Abstract

Background: A promising approach for treating Alzheimer’s disease relies on the net efflux of the amyloid-β (Aβ) peptide from the brain to peripheral plasma, as a result of plasma Aβ clearance promoted by plasma removal and therapeutic albumin replacement. Objective: To assess the binding of therapeutic albumin (Albutein ® , Grifols) to monomeric and aggregated Aβ according to methods previously tested on the interactions between Aβ and research-grade albumin.

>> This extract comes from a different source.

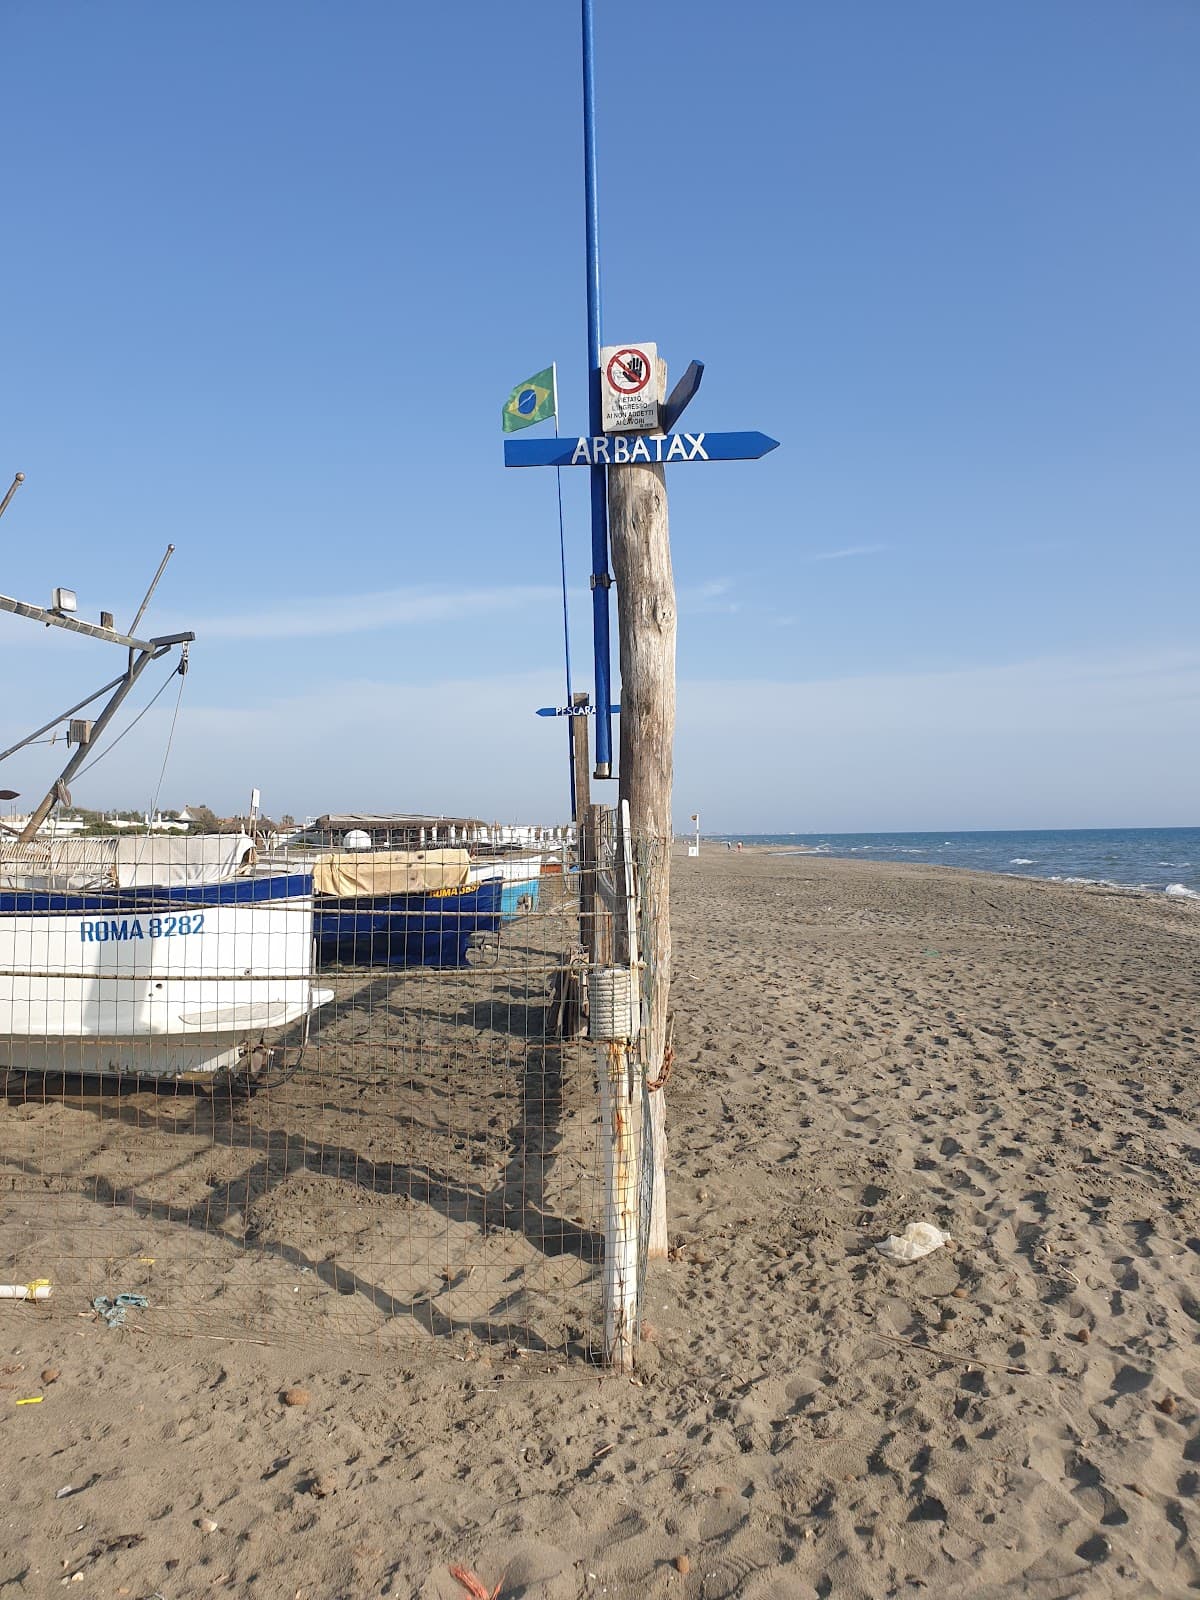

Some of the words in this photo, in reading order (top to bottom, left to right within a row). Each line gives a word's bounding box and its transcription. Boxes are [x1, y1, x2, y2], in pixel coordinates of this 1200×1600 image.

[571, 432, 709, 465] ARBATAX
[80, 919, 144, 942] ROMA
[148, 914, 205, 938] 8282

Methods: Albumin integrity and the interactions with albumin stabilizers (octanoic acid and N-Ac-Trp) were assessed through one-dimensional (1D) 1 H-NMR and saturation transfer difference (STD) NMR spectra. The interactions between monomeric Aβ 1-40 and albumin were probed by 2D 1 H- 15 N HSQC spectra of labeled Aβ 1-40 . The formation of cross-β structured Aβ 1-42 assemblies was monitored by ThT fluorescence. The interactions between self-assembled Aβ 1-42 and albumin were probed by Trp fluorescence. Results: NMR spectra indicated that both therapeutic and research-grade albumin are similarly well-folded proteins. No significant changes in either HSQC peak position or intensity were observed upon addition of albumin to 15 N-labeled Aβ 1-40 , which rules out binding of albumin to monomeric Aβ with dissociation constant in the µM or lower range. When aggregated Aβ 1-42 was added to albumin, quenching of Trp fluorescence was observed, which indicates albumin binding to Aβ 1-42 aggregates. The relative potency of therapeutic albumin as an Aβ self-association inhibitor was in the same order of magnitude as research-grade albumin. Conclusions: Albutein ® inhibited Aβ self-association by selectively binding Aβ aggregates rather than monomers and by preventing further growth of the Aβ assemblies.